*Directions for this task*
The whole listing is to be given again without alteration, except that its pictures are dropped.

Given entries START

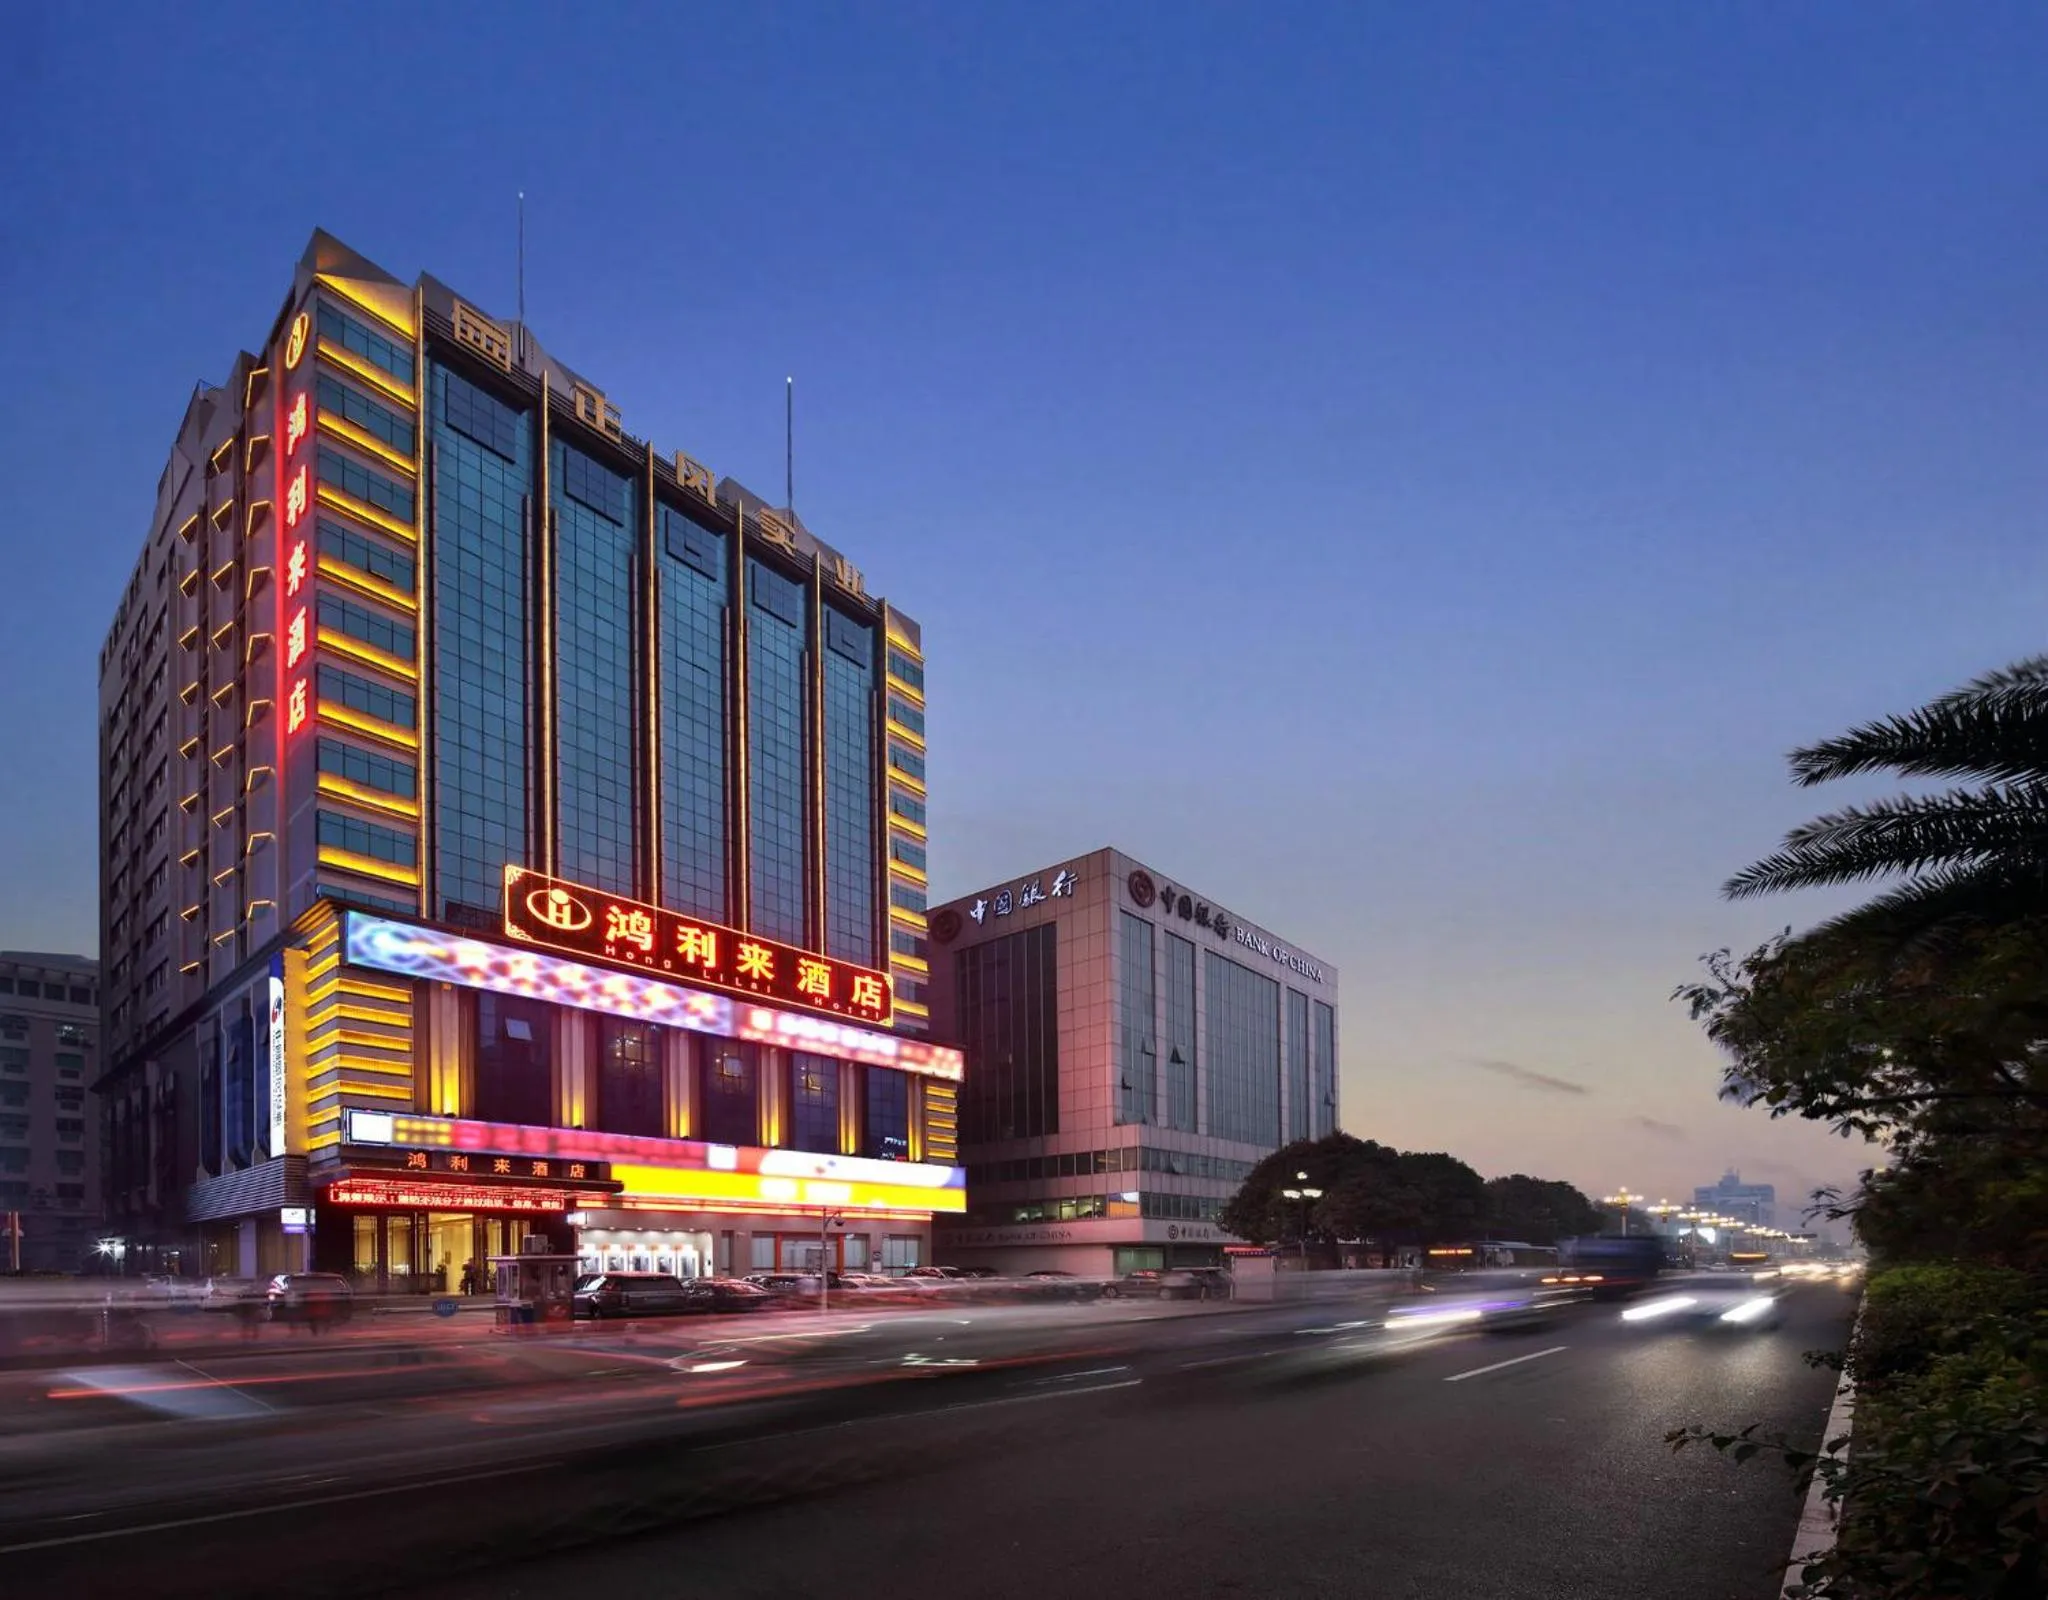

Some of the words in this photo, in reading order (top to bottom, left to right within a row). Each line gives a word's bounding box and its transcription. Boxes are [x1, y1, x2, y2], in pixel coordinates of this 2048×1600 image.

[287, 391, 307, 735] 鸿利来酒店
[969, 869, 1079, 926] 中国银行
[1159, 885, 1230, 941] 中国银行
[605, 904, 883, 1010] 鸿利来酒店
[605, 945, 672, 969] Hong
[814, 997, 879, 1020] Hotel
[1235, 926, 1268, 957] BANK
[1272, 946, 1288, 966] OF
[1288, 955, 1324, 984] CHINA
[407, 1152, 585, 1179] 鸿利来酒店

Given entries END

*Response*
Some of the words in this photo, in reading order (top to bottom, left to right within a row). Each line gives a word's bounding box and its transcription. Boxes are [x1, y1, x2, y2], in pixel coordinates of this 2048×1600 image.

[287, 391, 307, 735] 鸿利来酒店
[969, 869, 1079, 926] 中国银行
[1159, 885, 1230, 941] 中国银行
[605, 904, 883, 1010] 鸿利来酒店
[605, 945, 672, 969] Hong
[814, 997, 879, 1020] Hotel
[1235, 926, 1268, 957] BANK
[1272, 946, 1288, 966] OF
[1288, 955, 1324, 984] CHINA
[407, 1152, 585, 1179] 鸿利来酒店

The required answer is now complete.